§ TASK GOAL
All entries need to be written out verbatim, with pictures omitted.

§ INPUT DATA
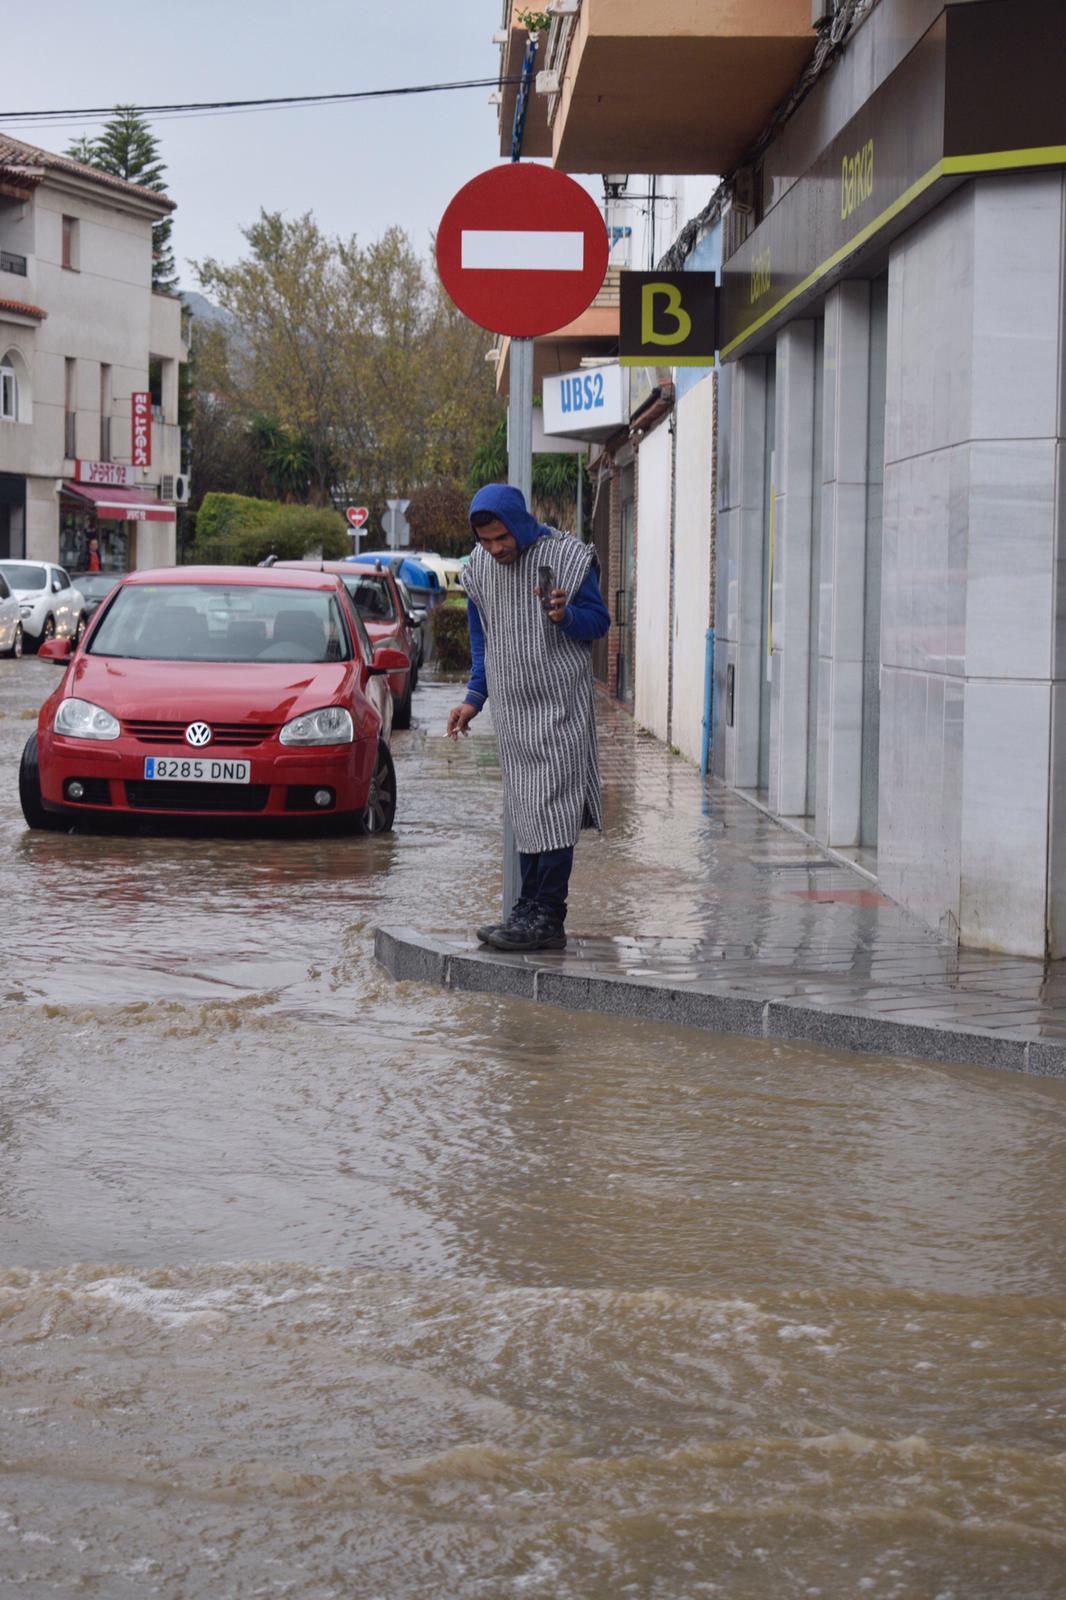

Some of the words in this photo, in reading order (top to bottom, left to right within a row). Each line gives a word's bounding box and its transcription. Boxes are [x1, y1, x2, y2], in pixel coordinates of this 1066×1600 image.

[841, 138, 874, 220] Bankia
[641, 282, 692, 346] B
[135, 394, 147, 414] 92
[560, 372, 605, 414] UBS2
[135, 417, 147, 465] SPORT
[89, 463, 115, 483] SPORT
[116, 465, 126, 484] 92
[156, 760, 204, 778] 8285
[211, 762, 247, 780] DND
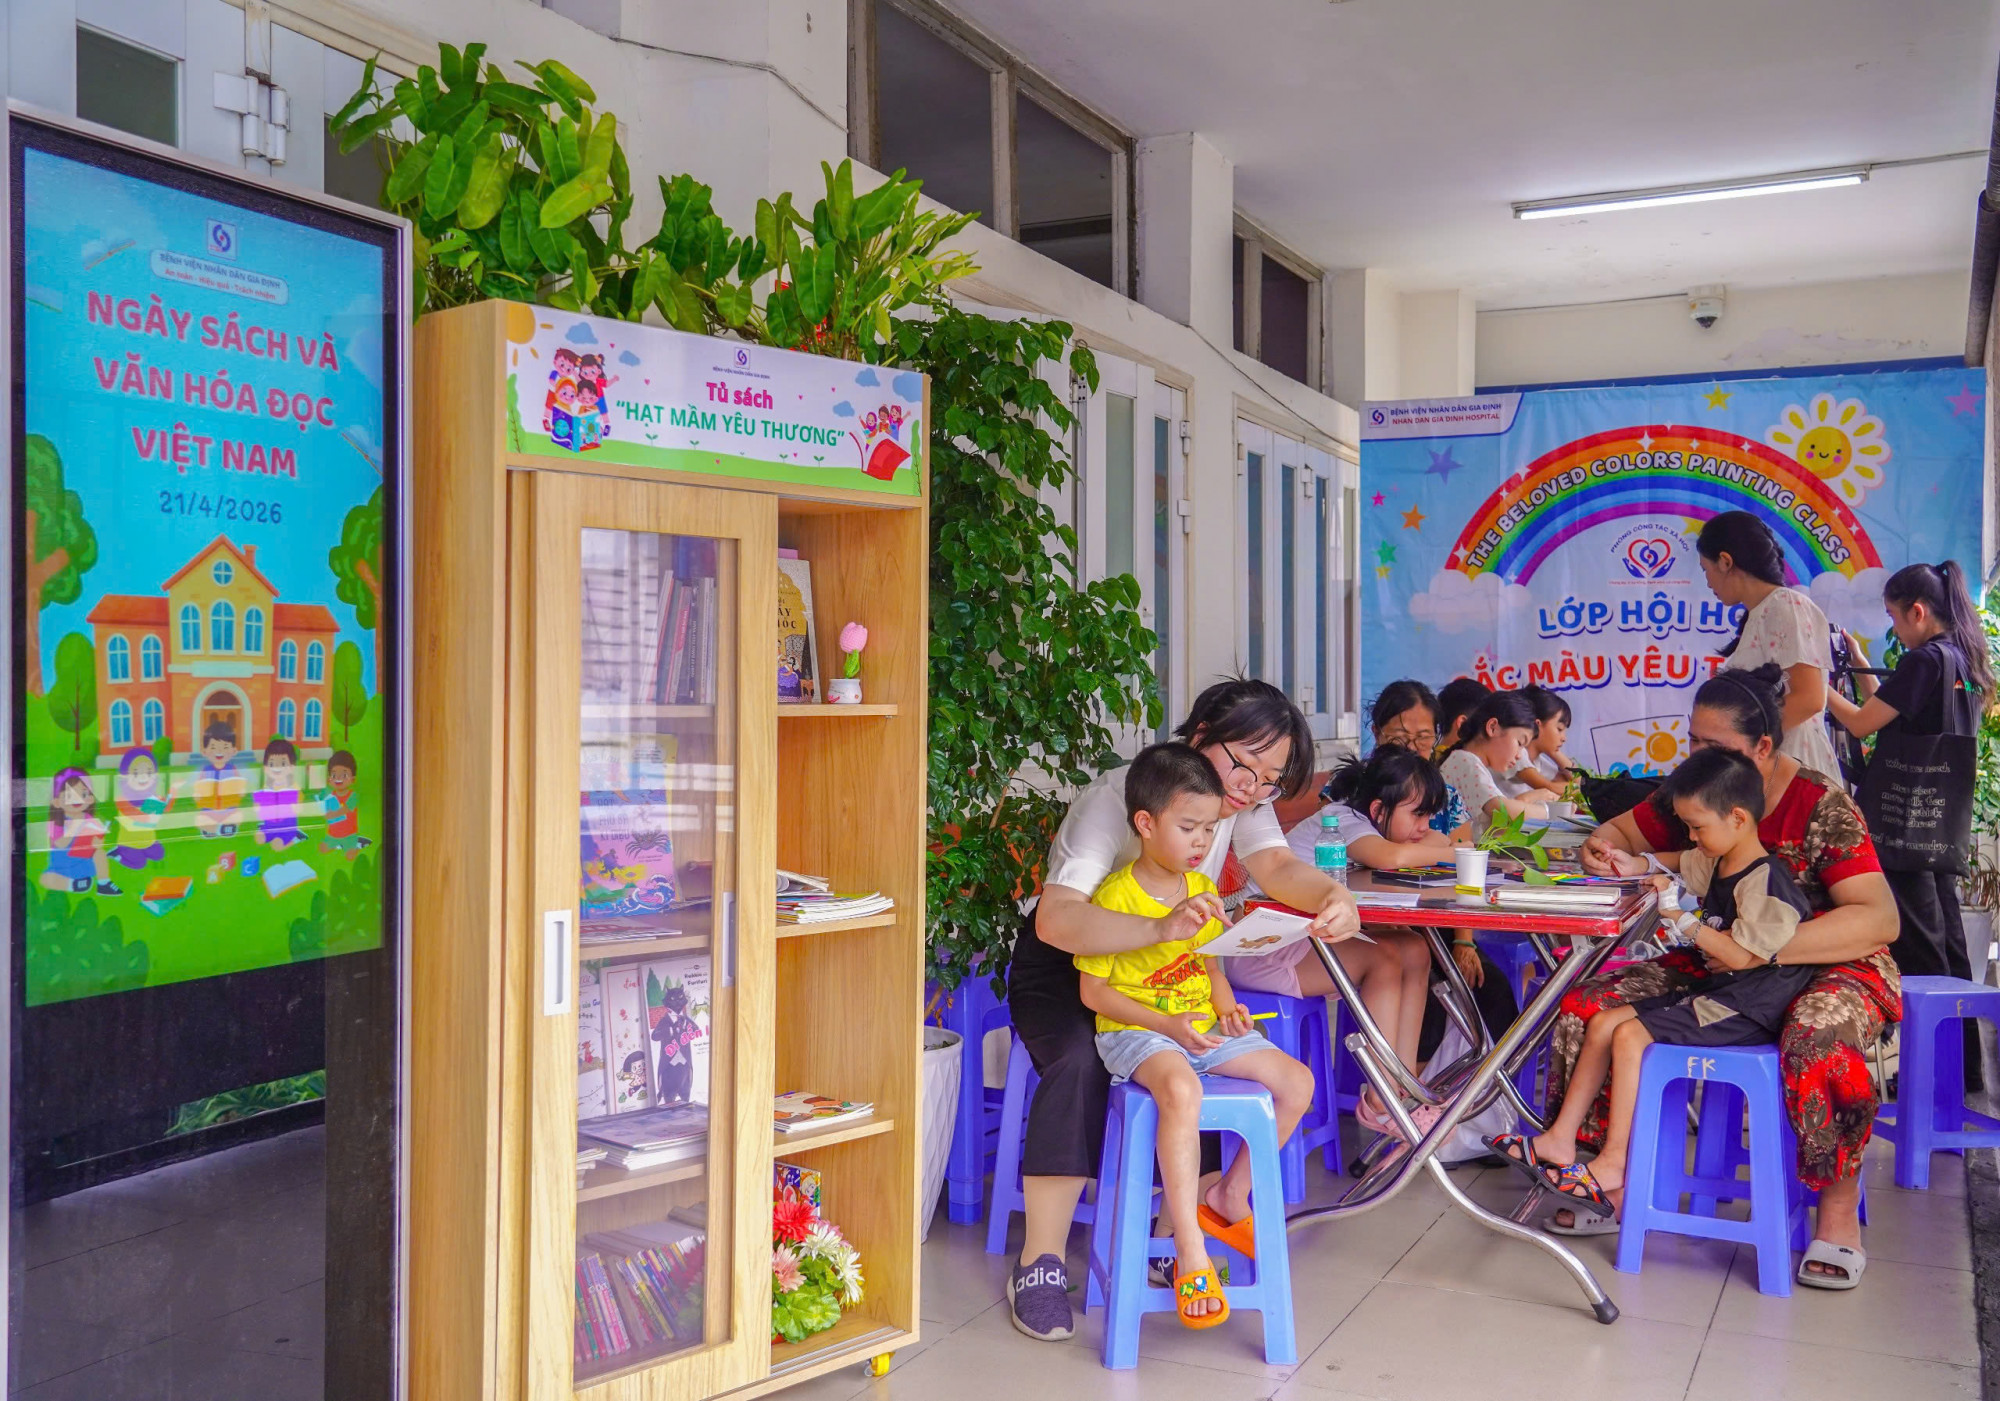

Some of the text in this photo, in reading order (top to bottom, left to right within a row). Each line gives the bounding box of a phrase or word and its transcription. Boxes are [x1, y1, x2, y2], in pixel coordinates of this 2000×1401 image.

§ FINISHED EXERCISE
Some of the words in this photo, in reading order (top to bottom, left to right within a row). Each line gives a word's bounding box and its transcription. Boxes are [x1, y1, x2, y2], in pixel coordinates of this 1066×1600 image.

[841, 138, 874, 220] Bankia
[641, 282, 692, 346] B
[135, 394, 147, 414] 92
[560, 372, 605, 414] UBS2
[135, 417, 147, 465] SPORT
[89, 463, 115, 483] SPORT
[116, 465, 126, 484] 92
[156, 760, 204, 778] 8285
[211, 762, 247, 780] DND

Some of the text in this photo, in reading order (top to bottom, left to right within a row). Each line gives the bounding box of a phrase or word and its transcription. Boxes are [x1, y1, x2, y2], in pixel coordinates of this 2000×1401 image.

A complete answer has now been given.